Categories: News
| On 4 years ago

‘He is our brother’ – Staggie brings Manenberg to a standstill one last time

By News24 Wire

Hands were thrown up in a final gang salute for Rashied Staggie who received a bizarre hero’s welcome as his funeral procession moved to Manenberg, a Cape Flats community from which he and his twin brother ran the notorious Hard Livings gang.

Locals pushed and shoved for a chance to carry – or even simply touch – the white bedazzled casket of one of its most infamous gangsters who ran his operations from its headquarters called Die Hok.

But only weeks before his death, Staggie had fed children from Die Hok, his friend Pastor Ivan Waldeck told the hundreds of people who gathered at The Greens sports field.

“Cape Town has been robbed of a peacemaker,” Waldeck said.

“Al sê die mense wat, hy is onse eie broer.” (“No matter what people say, he is our brother.”)

Police and other local authorities were out in their numbers as Staggie’s body arrived after his funeral service at the Jubilee Community Church in Observatory, less than a kilometre from where he was killed outside his London Road home in Salt River last Friday.

About a dozen gunshots ended his life on his daughter Nabeelah’s birthday.

He died metres from where his twin brother Rashaad was shot and set alight in 1996 during a demonstration by People Against Gangsterism and Drugs (Pagad), who told News24 his death “should be celebrated”.

News24 previously reported Staggie and three other suspects faced charges in 2016 of the unlawful possession of firearms and ammunition as well as suspected stolen property.

Staggie, serving prison time for another crime, was subsequently released on full parole.

In 2003, he was jailed for 15 years for his role in the kidnapping and rape of a teenage girl, and in 2004, he was sentenced to 13 years for stealing firearms from a police armoury.

The sentences ran concurrently and Staggie served 11 years in prison.

Another of Staggie’s daughters, Saadiqa, said it had been difficult for his children growing up with the stigma of their surname.

“But I am a proud Staggie.
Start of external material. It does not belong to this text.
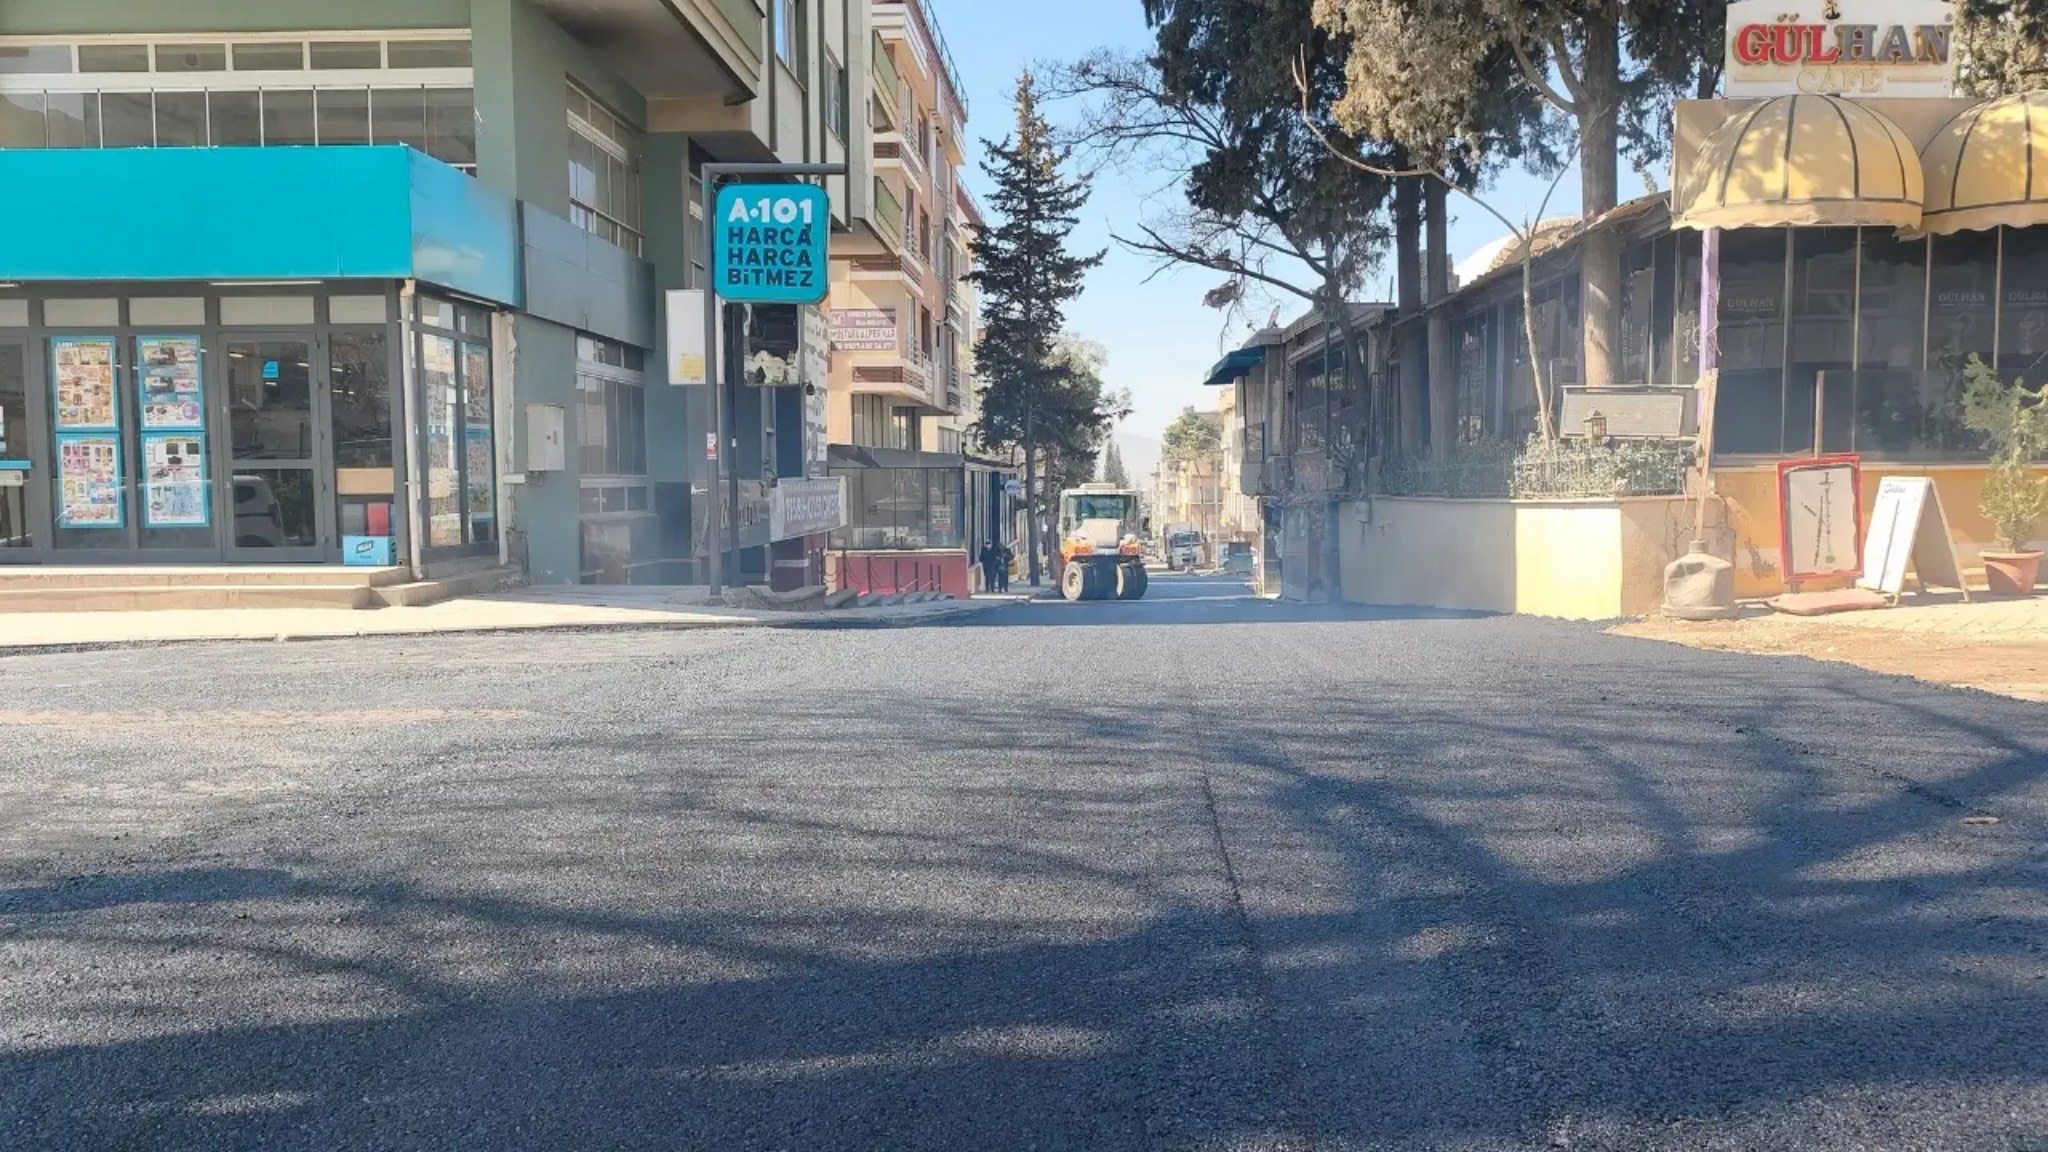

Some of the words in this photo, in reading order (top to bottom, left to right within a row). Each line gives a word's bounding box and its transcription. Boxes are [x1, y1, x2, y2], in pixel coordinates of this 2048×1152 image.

I am Rashied Staggie’s child.”

Her father always spoke of peace in Manenberg, Saadiqa said, and “wanted to uplift” the area.

Among the numerous religious leaders who preached and prayed was Pastor Eric Hofmeyer, who told mourners that he was nine years old when he got an “HL” tattoo, “not knowing God has a purpose” for him.

“Mense daar buite het ons afgeskryf,” he said. (“People in the community wrote us off.”)

Staggie and his family, he said, had returned to Manenberg to give back to the community.

Staggie, who had converted to Christianity and had ministered about gangsterism and changing his life, was to be buried in Durbanville.